In re Information Management Services, Inc. Derivative Litigation
2013 Del. Ch. LEXIS 220
Del. Ch.2013Background
- IMS, a Delaware company with 50% ownership by Burton and 50% by Lake families, is governed by a four-member Board split evenly between families.
- Two senior IMS officers, William and Andrew, allegedly mismanaged the company; disputes culminated in derivative-style litigation by the Burton and Lake trusts.
- William and Andrew used work email accounts to consult with personal attorneys; they invoked attorney-client privilege but not the work-product doctrine.
- IMS’s policy warned that company computers are accessible by IMS staff and that personal use may be monitored or inspected, affecting confidentiality.
- The court applies Asia Global Crossing factors to assess confidentiality of work emails; the court ultimately grants the motion to compel production of privileged emails.
- The ruling rests on a federal and Maryland statutory framework (Wiretap Act and Stored Communications Act) and concludes that these do not override the common-law privilege in this work-email context.
Issues
| Issue | Plaintiff's Argument | Defendant's Argument | Held |
|---|---|---|---|
| Whether privilege applies to emails sent on work accounts | Burton argues no privilege due to company access | IMS contends legitimacy of privilege under policy and transmission rules | Privilege barred; emails must be produced |
| How Asia Global factors govern the confidentiality of work emails | Preference for confidentiality of communications with counsel | Factors weigh against confidentiality due to policy and access rights | Factors favor production; privilege not upheld |
| Do federal and Maryland wiretap/storage laws override privilege analysis | Statutes could protect privacy of electronic communications | Statutes do not override common-law privilege in this context | Statutes do not alter privilege outcome; production ordered |
| Impact of corporate policy and monitoring on employee expectations of privacy | Policies should protect privacy of communications | Policies and actual right to monitor destroy reasonable expectation of privacy | Policy and monitoring rights negate reasonable expectation of privacy; privilege not protected |
Key Cases Cited
- Zirn v.
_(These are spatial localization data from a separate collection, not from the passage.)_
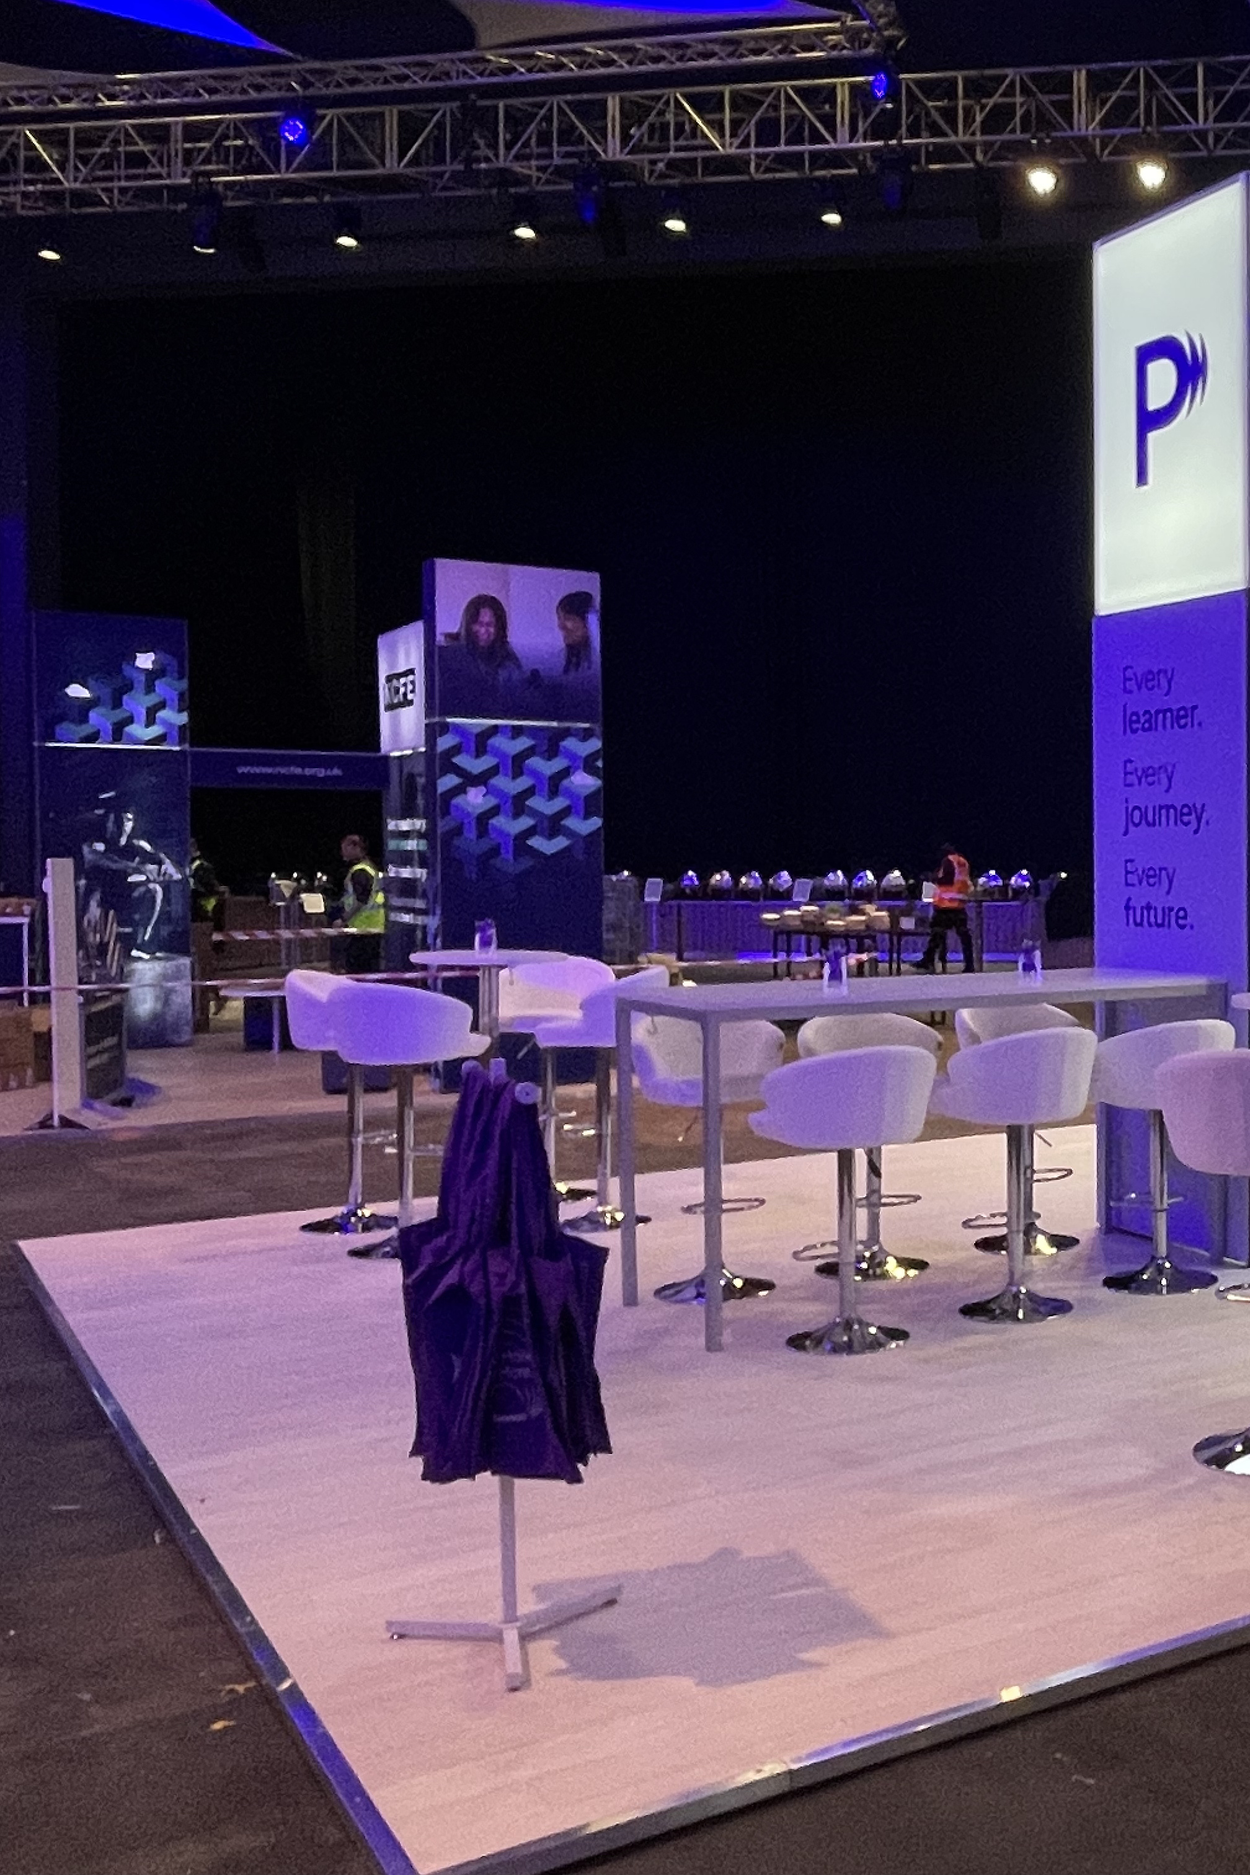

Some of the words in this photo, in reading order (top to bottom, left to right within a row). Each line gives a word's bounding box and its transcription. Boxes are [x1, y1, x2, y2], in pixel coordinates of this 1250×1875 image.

[1122, 665, 1175, 697] Every
[1122, 702, 1202, 736] learner.
[1123, 758, 1177, 793] Every
[1122, 797, 1210, 837] journey.
[1124, 858, 1177, 896] Every
[1123, 896, 1195, 931] future.
VLI Corp., 621 A.2d 773 (Del.1993) (Delaware privilege recognized; scope analyzed under common law and rules of evidence)
- Fraser v. Nationwide Mut. Ins. Co., 352 F.3d 107 (3d Cir.2003) (employer monitoring and policy impact on privacy and privilege in email communications)
- Goldstein v. Colborne Acquisition Co., 873 F. Supp. 2d 932 (N.D. Ill.2012) (employer access to work emails and privilege considerations under policy)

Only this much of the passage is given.